PROVIDED ENTRIES
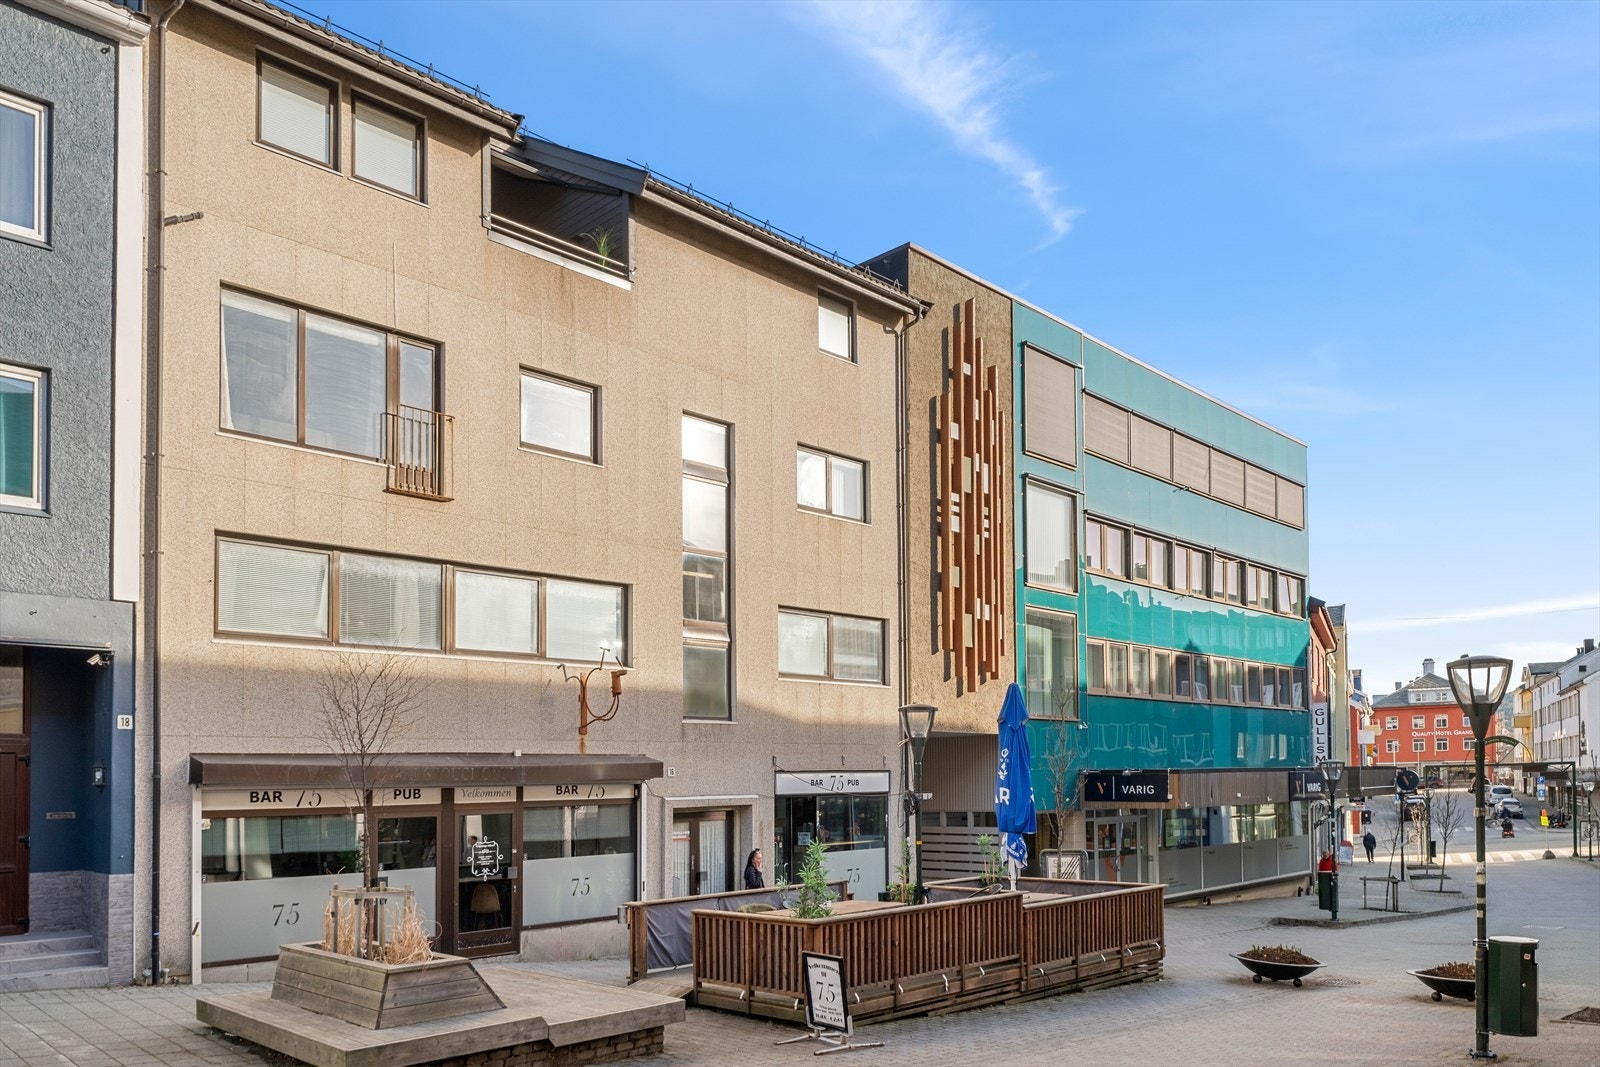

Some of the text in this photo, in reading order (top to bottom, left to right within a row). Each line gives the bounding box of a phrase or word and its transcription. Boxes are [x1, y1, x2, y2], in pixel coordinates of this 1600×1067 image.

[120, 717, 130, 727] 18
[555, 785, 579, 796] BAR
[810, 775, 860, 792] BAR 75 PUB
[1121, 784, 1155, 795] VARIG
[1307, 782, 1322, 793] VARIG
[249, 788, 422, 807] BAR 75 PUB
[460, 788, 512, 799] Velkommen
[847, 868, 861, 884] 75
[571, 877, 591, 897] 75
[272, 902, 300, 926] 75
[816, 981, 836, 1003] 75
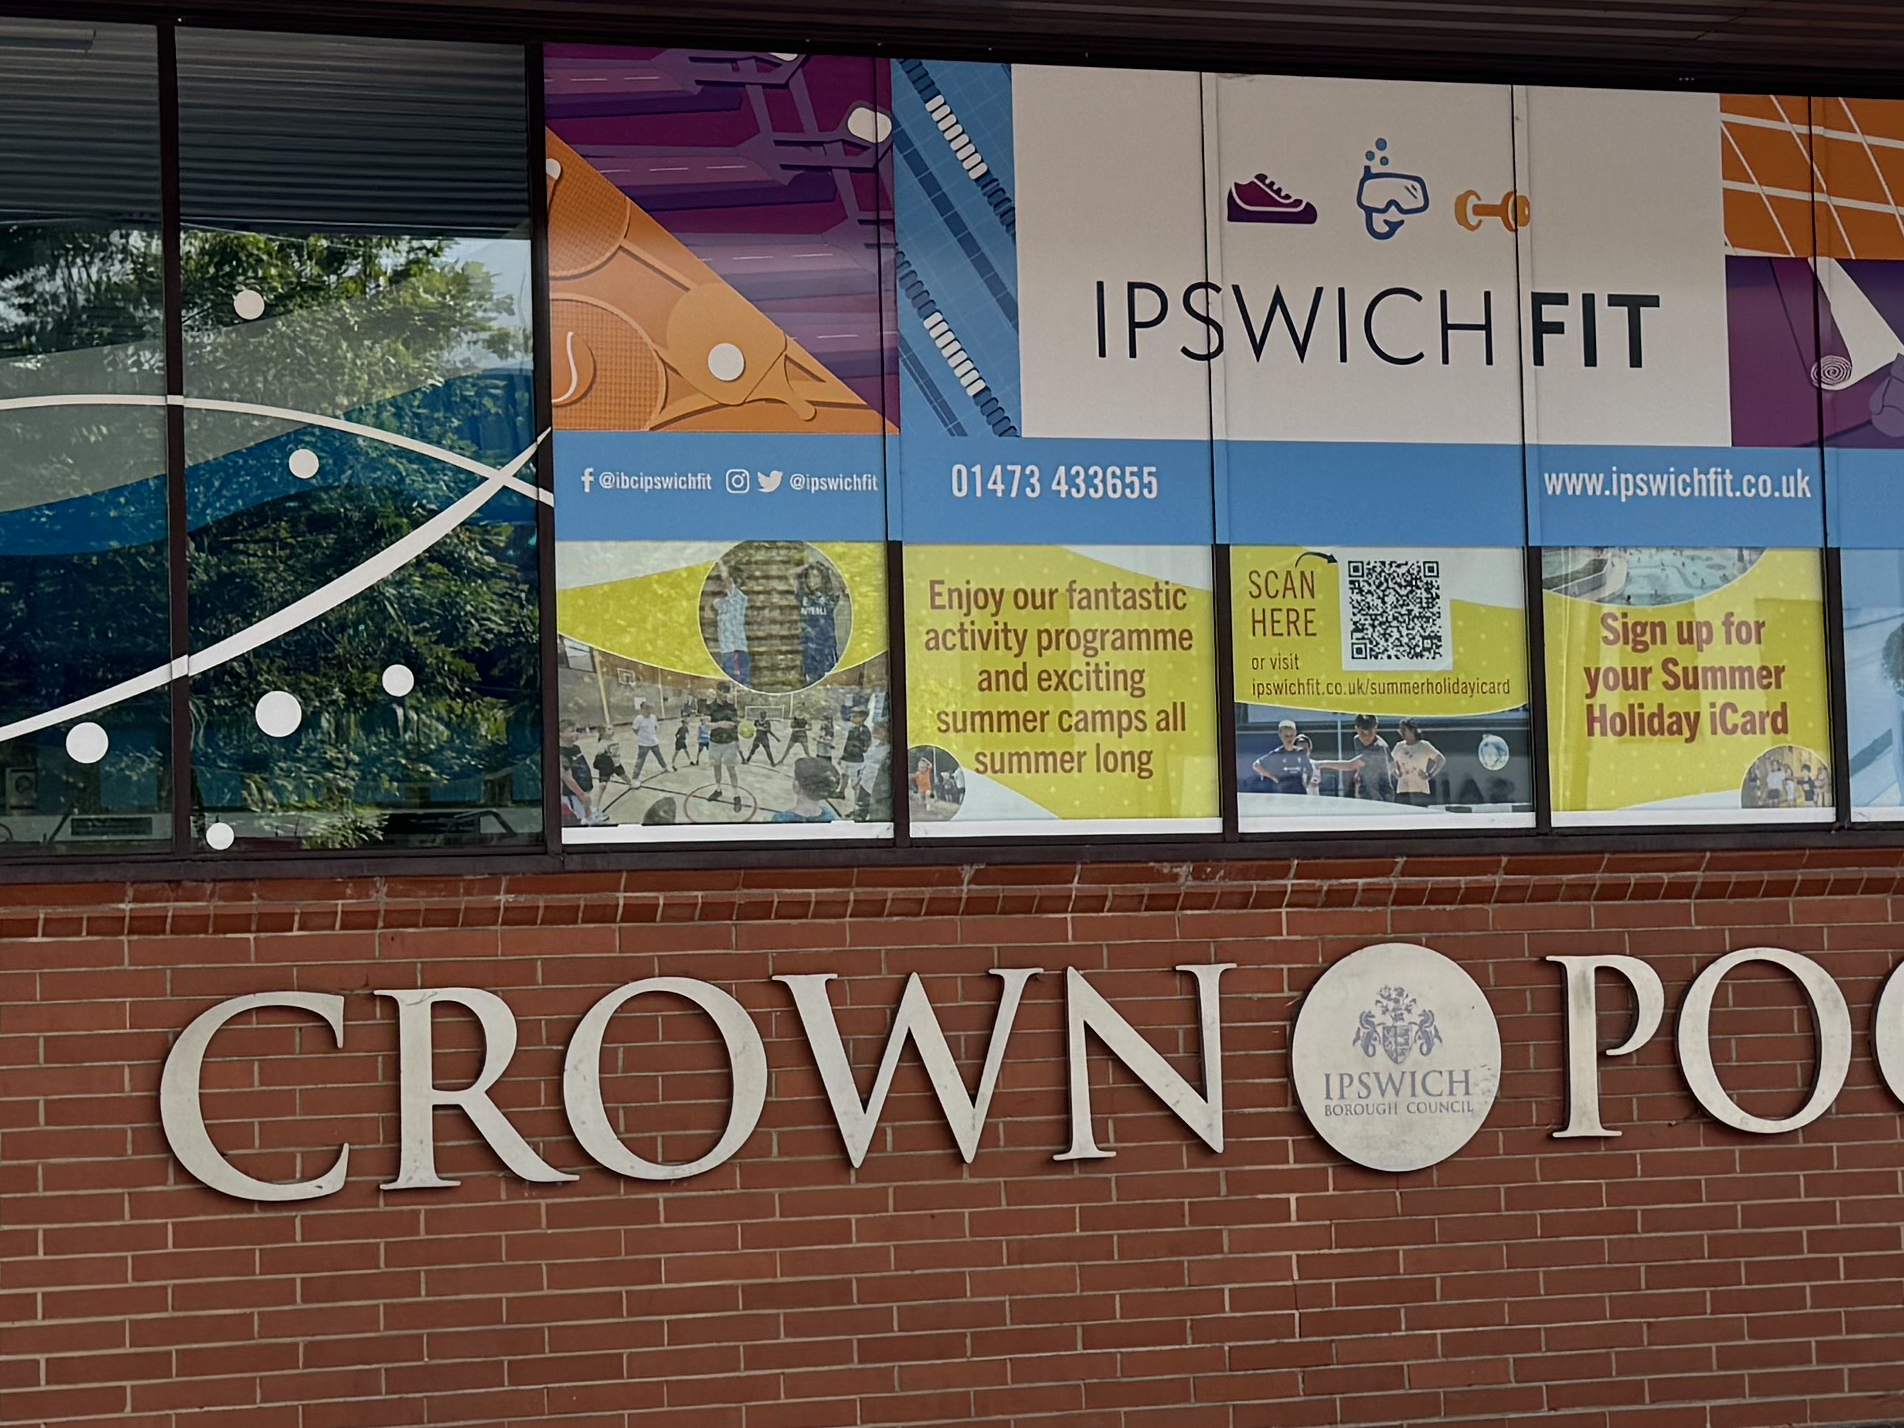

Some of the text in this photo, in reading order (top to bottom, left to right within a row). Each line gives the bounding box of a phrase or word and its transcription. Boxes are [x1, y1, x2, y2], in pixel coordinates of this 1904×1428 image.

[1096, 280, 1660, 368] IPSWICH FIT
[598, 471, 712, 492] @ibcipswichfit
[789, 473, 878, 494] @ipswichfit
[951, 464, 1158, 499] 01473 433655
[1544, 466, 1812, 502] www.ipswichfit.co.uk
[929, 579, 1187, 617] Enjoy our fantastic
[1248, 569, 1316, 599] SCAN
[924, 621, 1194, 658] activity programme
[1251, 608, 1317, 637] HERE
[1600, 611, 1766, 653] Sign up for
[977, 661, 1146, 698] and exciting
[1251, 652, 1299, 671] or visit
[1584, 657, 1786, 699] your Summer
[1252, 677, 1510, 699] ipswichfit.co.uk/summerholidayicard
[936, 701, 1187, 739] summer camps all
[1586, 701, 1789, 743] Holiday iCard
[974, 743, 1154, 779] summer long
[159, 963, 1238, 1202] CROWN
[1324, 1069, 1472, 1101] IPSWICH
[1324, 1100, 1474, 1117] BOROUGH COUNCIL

TASK PROMPT
Give the entries above again exactly, minus their pictures.

EXERCISE RESPONSE
Some of the text in this photo, in reading order (top to bottom, left to right within a row). Each line gives the bounding box of a phrase or word and its transcription. Boxes are [x1, y1, x2, y2], in pixel coordinates of this 1600×1067 image.

[120, 717, 130, 727] 18
[555, 785, 579, 796] BAR
[810, 775, 860, 792] BAR 75 PUB
[1121, 784, 1155, 795] VARIG
[1307, 782, 1322, 793] VARIG
[249, 788, 422, 807] BAR 75 PUB
[460, 788, 512, 799] Velkommen
[847, 868, 861, 884] 75
[571, 877, 591, 897] 75
[272, 902, 300, 926] 75
[816, 981, 836, 1003] 75

Some of the text in this photo, in reading order (top to bottom, left to right within a row). Each line gives the bounding box of a phrase or word and its transcription. Boxes are [x1, y1, x2, y2], in pixel coordinates of this 1904×1428 image.

[1096, 280, 1660, 368] IPSWICH FIT
[598, 471, 712, 492] @ibcipswichfit
[789, 473, 878, 494] @ipswichfit
[951, 464, 1158, 499] 01473 433655
[1544, 466, 1812, 502] www.ipswichfit.co.uk
[929, 579, 1187, 617] Enjoy our fantastic
[1248, 569, 1316, 599] SCAN
[924, 621, 1194, 658] activity programme
[1251, 608, 1317, 637] HERE
[1600, 611, 1766, 653] Sign up for
[977, 661, 1146, 698] and exciting
[1251, 652, 1299, 671] or visit
[1584, 657, 1786, 699] your Summer
[1252, 677, 1510, 699] ipswichfit.co.uk/summerholidayicard
[936, 701, 1187, 739] summer camps all
[1586, 701, 1789, 743] Holiday iCard
[974, 743, 1154, 779] summer long
[159, 963, 1238, 1202] CROWN
[1324, 1069, 1472, 1101] IPSWICH
[1324, 1100, 1474, 1117] BOROUGH COUNCIL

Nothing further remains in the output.